=== Section Start ===

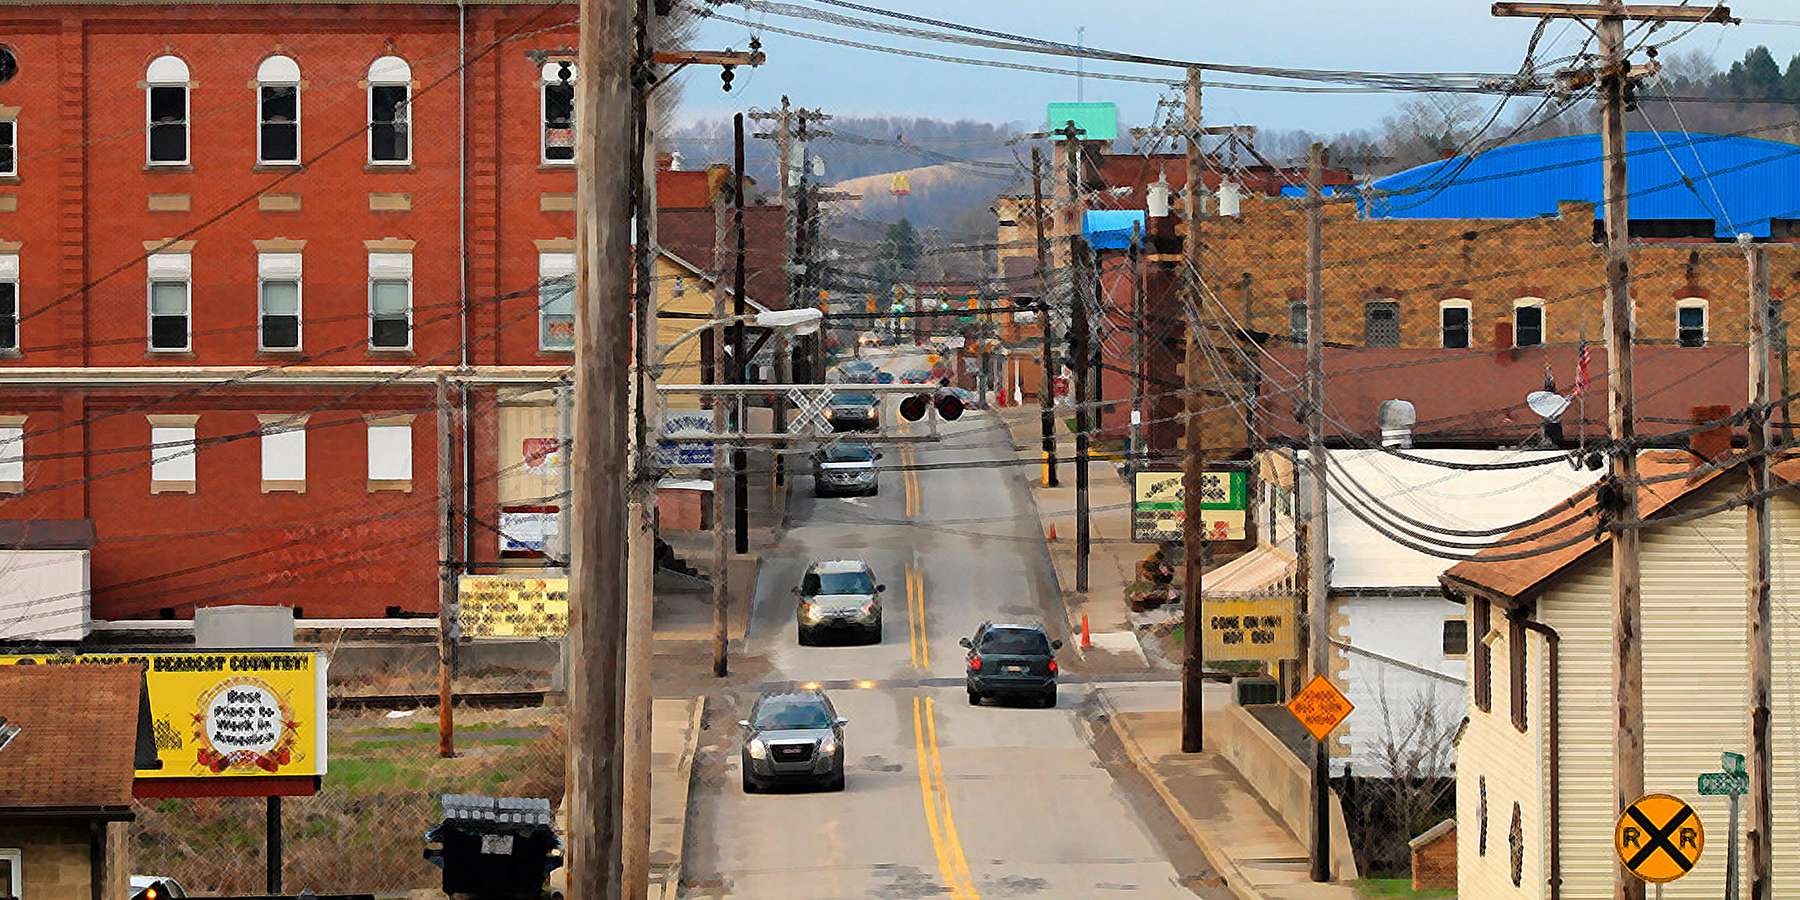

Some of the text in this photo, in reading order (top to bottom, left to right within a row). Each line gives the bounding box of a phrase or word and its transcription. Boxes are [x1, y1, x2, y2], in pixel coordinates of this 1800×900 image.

[1210, 616, 1239, 629] COME
[153, 655, 227, 672] BEARCAT
[229, 655, 309, 671] COUNTRY!
[227, 690, 261, 703] Best
[213, 705, 275, 717] Place to
[216, 718, 271, 731] Work in
[213, 731, 274, 746] America
[1623, 827, 1698, 848] R R
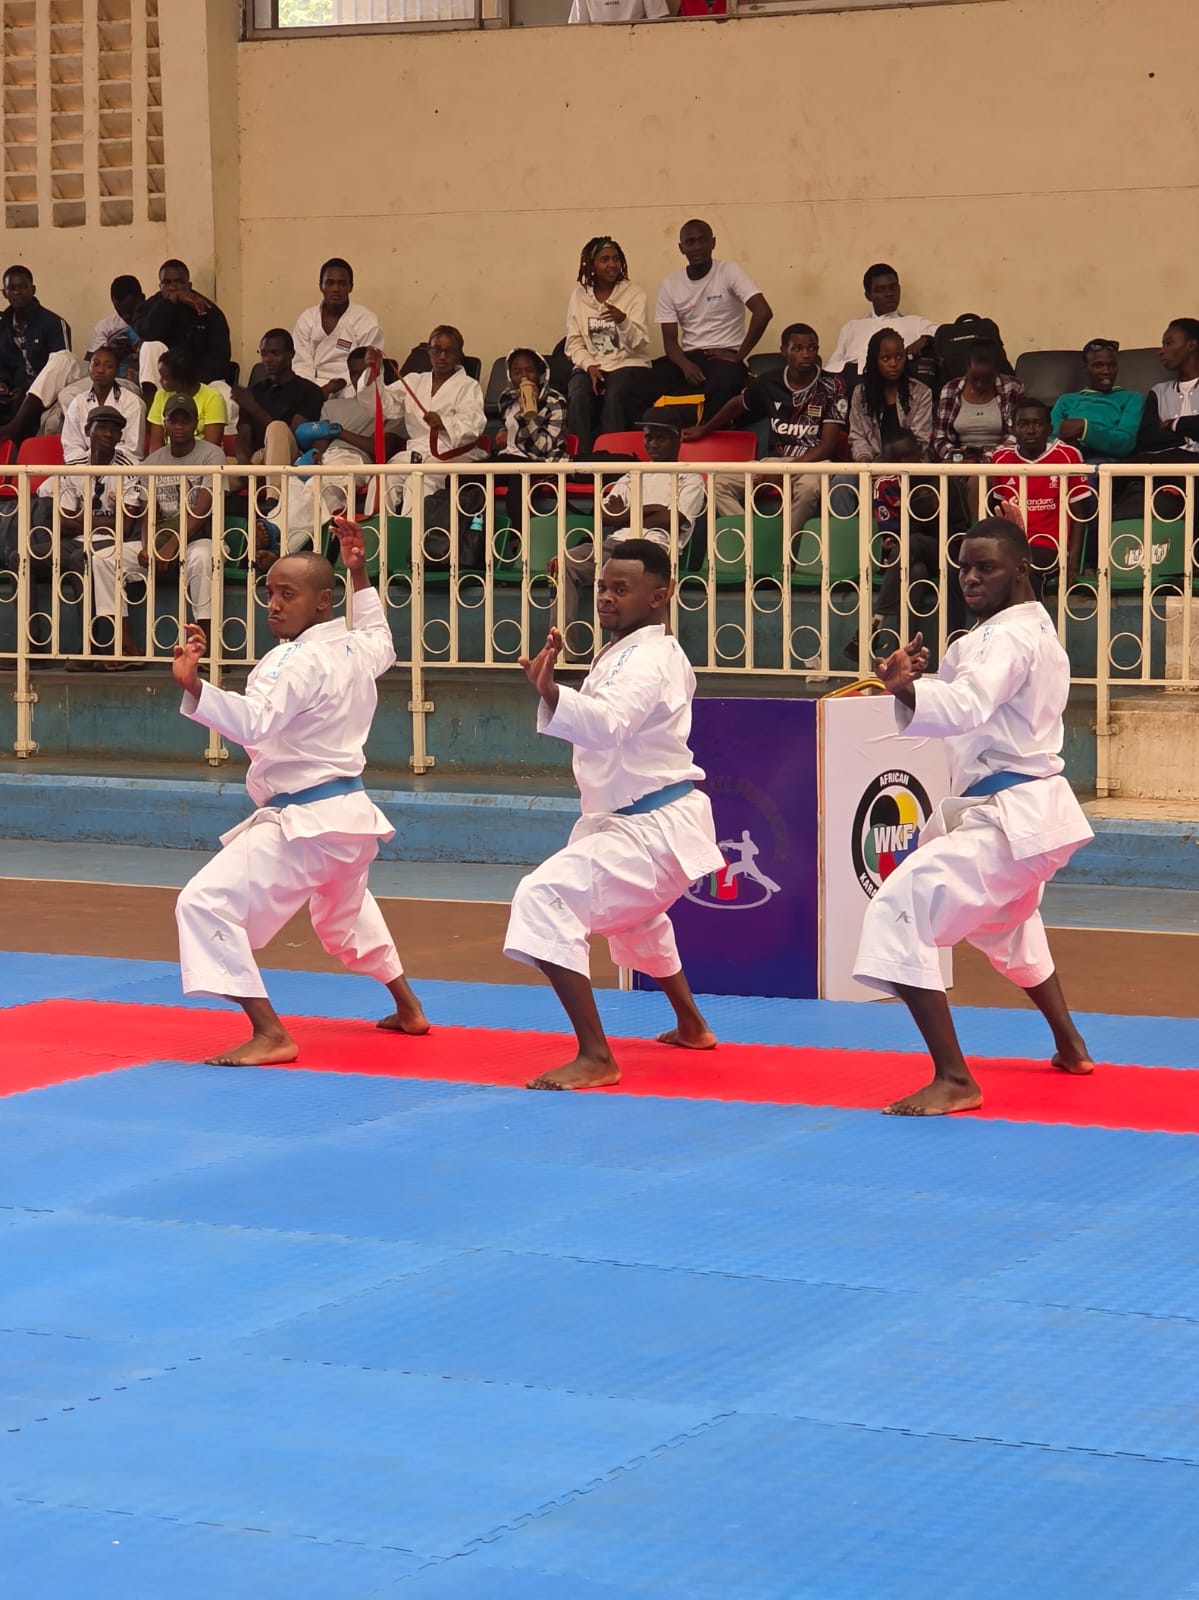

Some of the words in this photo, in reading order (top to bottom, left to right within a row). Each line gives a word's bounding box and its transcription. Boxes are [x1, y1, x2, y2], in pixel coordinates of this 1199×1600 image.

[771, 417, 819, 439] Kenya
[879, 772, 910, 787] AFRICAN
[873, 823, 914, 854] WKF
[859, 872, 877, 897] KARA
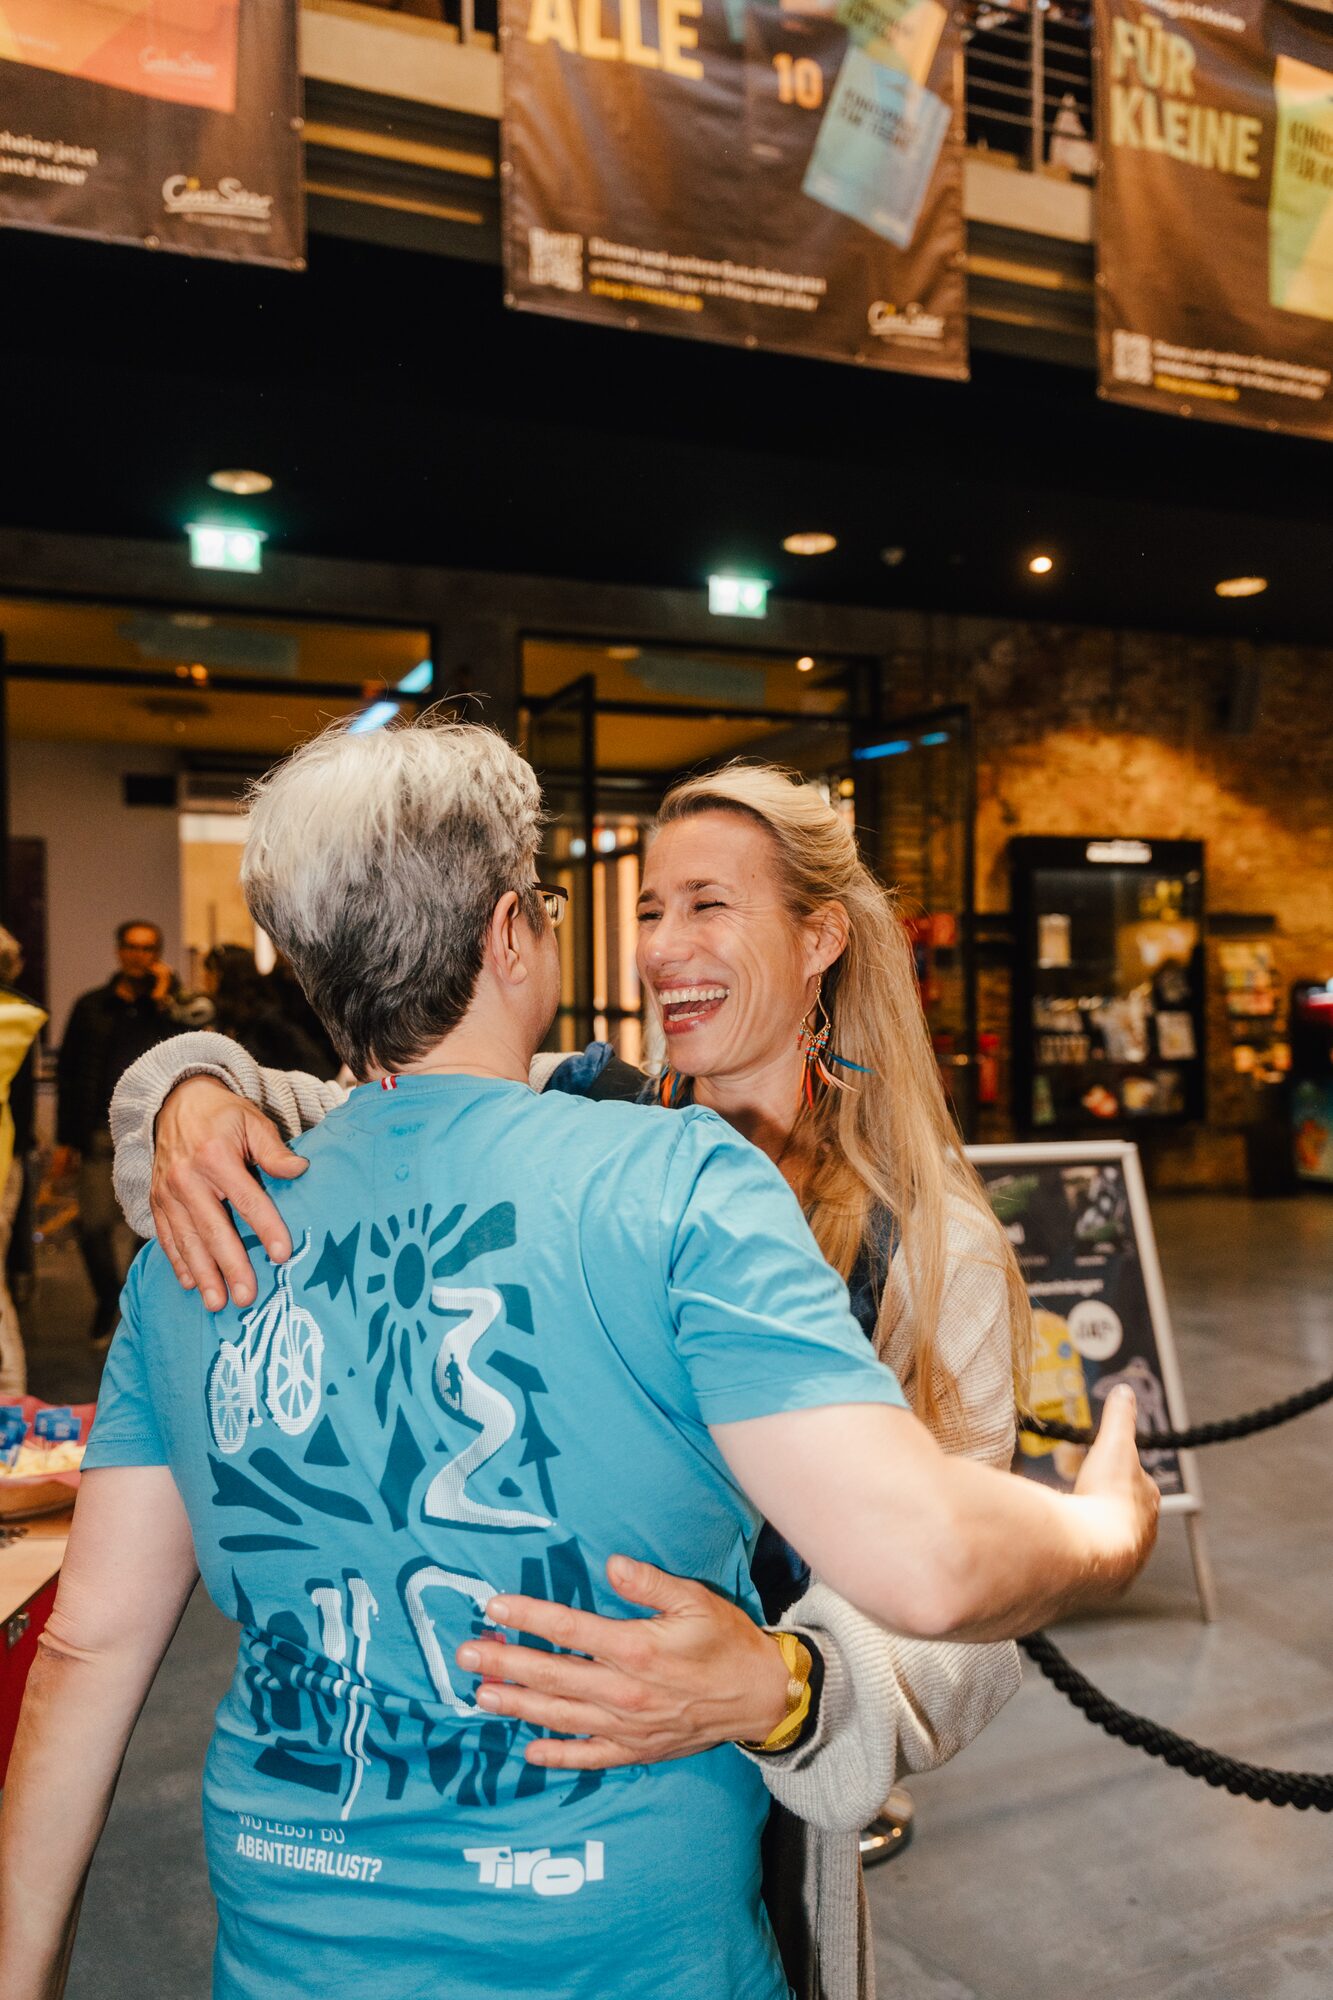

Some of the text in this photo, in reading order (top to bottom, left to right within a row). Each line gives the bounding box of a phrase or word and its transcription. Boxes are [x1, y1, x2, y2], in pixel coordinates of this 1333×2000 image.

[527, 0, 704, 81] ALLE
[1111, 13, 1196, 96] FÜR
[773, 52, 823, 109] 10
[1110, 84, 1262, 180] KLEINE
[236, 1832, 383, 1882] ABENTEUERLUST?
[463, 1840, 604, 1896] Tirol

=== Section End ===

PROBLEM DETAILS
Recopy the full listing exactly, passing over any picture.

RESPONSE TO THIS EXERCISE
Some of the text in this photo, in reading order (top to bottom, left to right within a row). Each line gives the bounding box of a phrase or word and its transcription. Boxes are [x1, y1, x2, y2], in pixel coordinates of this 1800×900 image.

[1210, 616, 1239, 629] COME
[153, 655, 227, 672] BEARCAT
[229, 655, 309, 671] COUNTRY!
[227, 690, 261, 703] Best
[213, 705, 275, 717] Place to
[216, 718, 271, 731] Work in
[213, 731, 274, 746] America
[1623, 827, 1698, 848] R R

Some of the words in this photo, in reading order (top to bottom, left to right within a row). Each line gives a word's bounding box and its transcription. Boxes are [x1, y1, x2, y2], in pixel coordinates of this 1199×1600 image.

[771, 417, 819, 439] Kenya
[879, 772, 910, 787] AFRICAN
[873, 823, 914, 854] WKF
[859, 872, 877, 897] KARA

Some of the text in this photo, in reading order (top to bottom, left to right within a row). Each line gives the bounding box of a phrase or word and its transcription. Boxes are [x1, y1, x2, y2], in pixel coordinates of this 1333×2000 image.

[527, 0, 704, 81] ALLE
[1111, 13, 1196, 96] FÜR
[773, 52, 823, 109] 10
[1110, 84, 1262, 180] KLEINE
[236, 1832, 383, 1882] ABENTEUERLUST?
[463, 1840, 604, 1896] Tirol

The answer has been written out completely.